The Town by asking for increased support for its “regional asset” may become a “quid pro quo” by other towns asking for additional help.
If the Town expects the surrounding communities to increase their contributions they may also have to contribute something back.
The Town may need to be careful what they are asking for.
A successful business partnership is often focused on common goals and mutual benefit. The airport does appear to have a value to local government as a regional asset. Partnerships are a two-way street.
Other Ways to “Partner”
Significant participation by local government may require for the airport to become more than an aviation facility to increase the value of the “partnership.” For example:
- A regional Highway Department or emergency response center with the neighboring towns of Santa Clara, Brighton, etc. - Working with the village of Saranac Lake and Franklin County IDA on a regional approach to attracting biotech industries.
An additional pathway is to diversify revenue from the private sector.
Discussion on the future of the airport may not be fully realized without the involvement of the airport users themselves. They have an interest in the airport. Many are successful business people and may be a source of ideas. Perhaps there is the possibility that a few will also want to be a “partner.”

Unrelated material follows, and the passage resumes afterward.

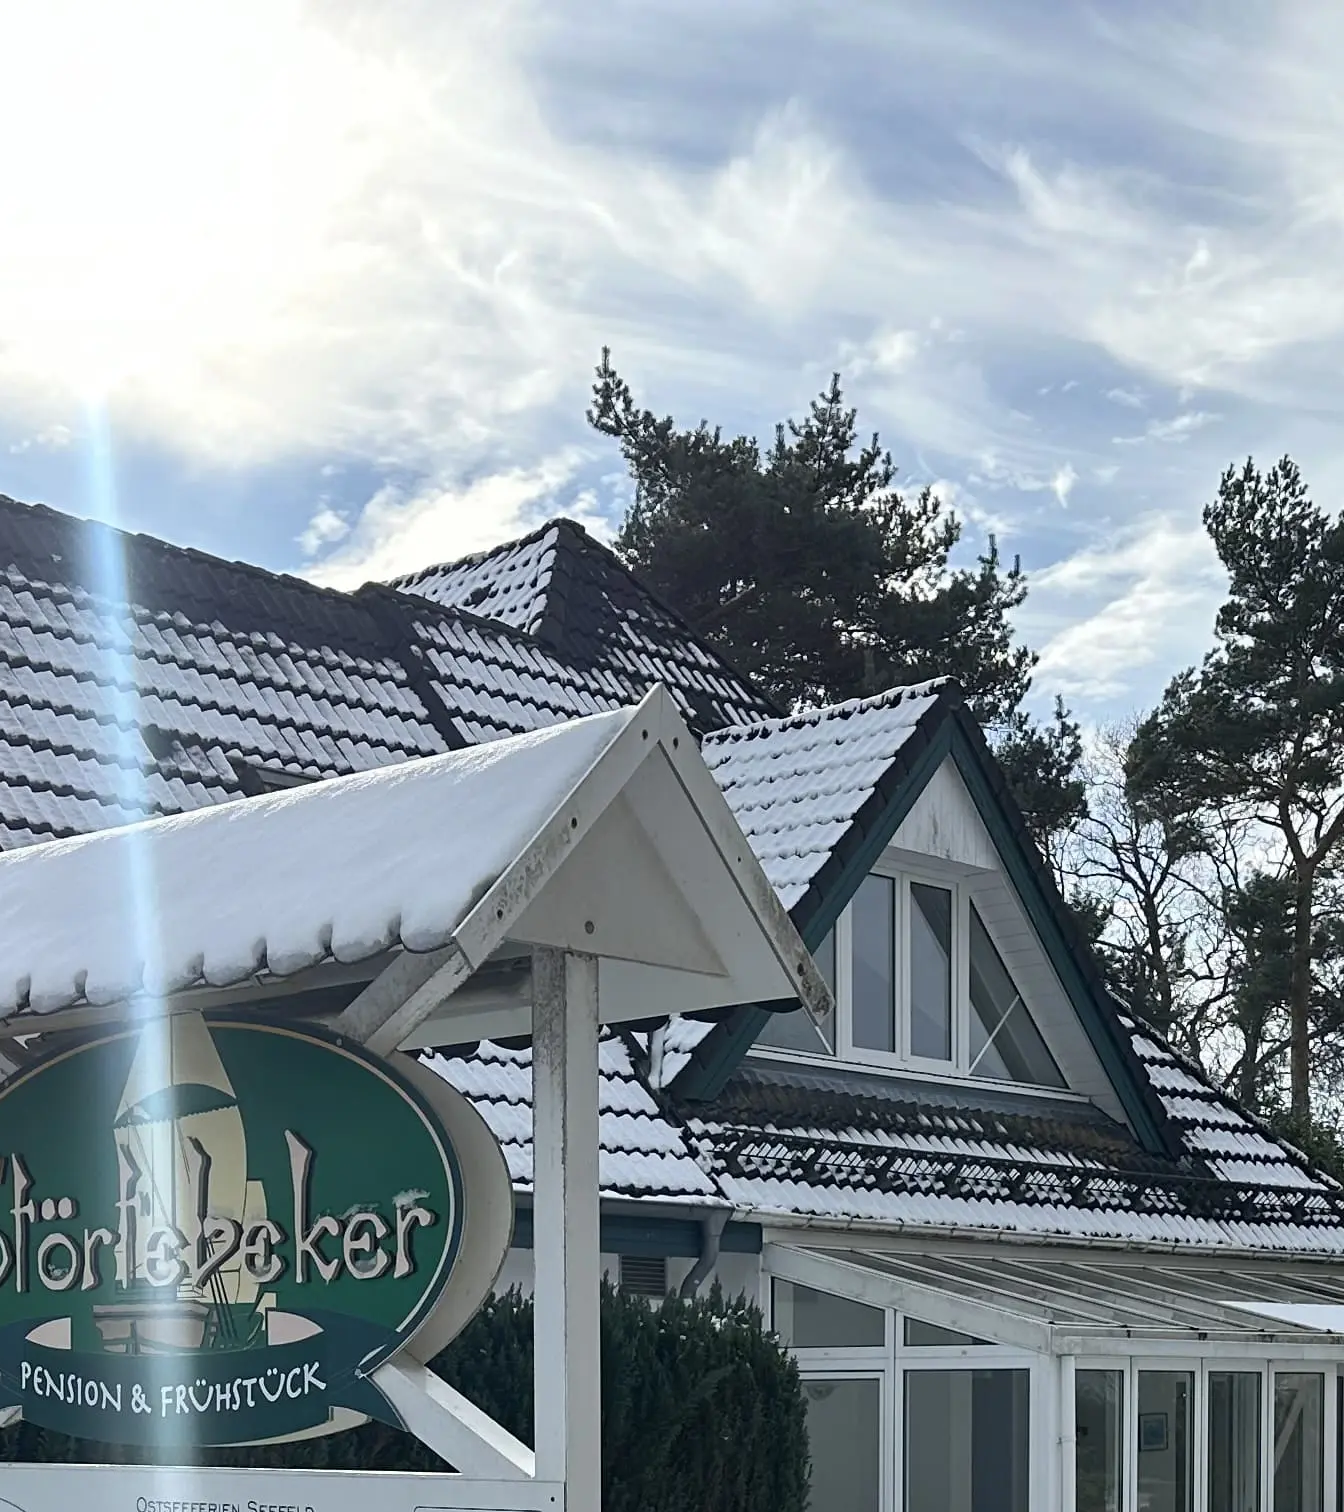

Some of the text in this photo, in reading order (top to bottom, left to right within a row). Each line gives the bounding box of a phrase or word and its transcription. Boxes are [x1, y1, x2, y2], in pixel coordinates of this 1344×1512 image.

In the meantime, there may be some short and long-range initiatives the Town can undertake:
- Continue the discussion with local government - Complete a survey on who uses the facility which could help to develop a funding formula - Develop basic marketing materials for aviation and non-aviation investment. - Bring private and public partners together to develop a business plan.
There may be no single answers, but the region is rich in people resources that can help with this regional asset.
Local government support may not appear as the Town would like and creative out-of-the-box thinking may be required. Contracting out the fixed base operations like the town of North Elba does, creating an “Airport User Foundation” to help pay for “local share” for grants, are just some of the ideas that are out there.
The Town will need to play a leadership role and agree that the facility may require a new visionary business plan.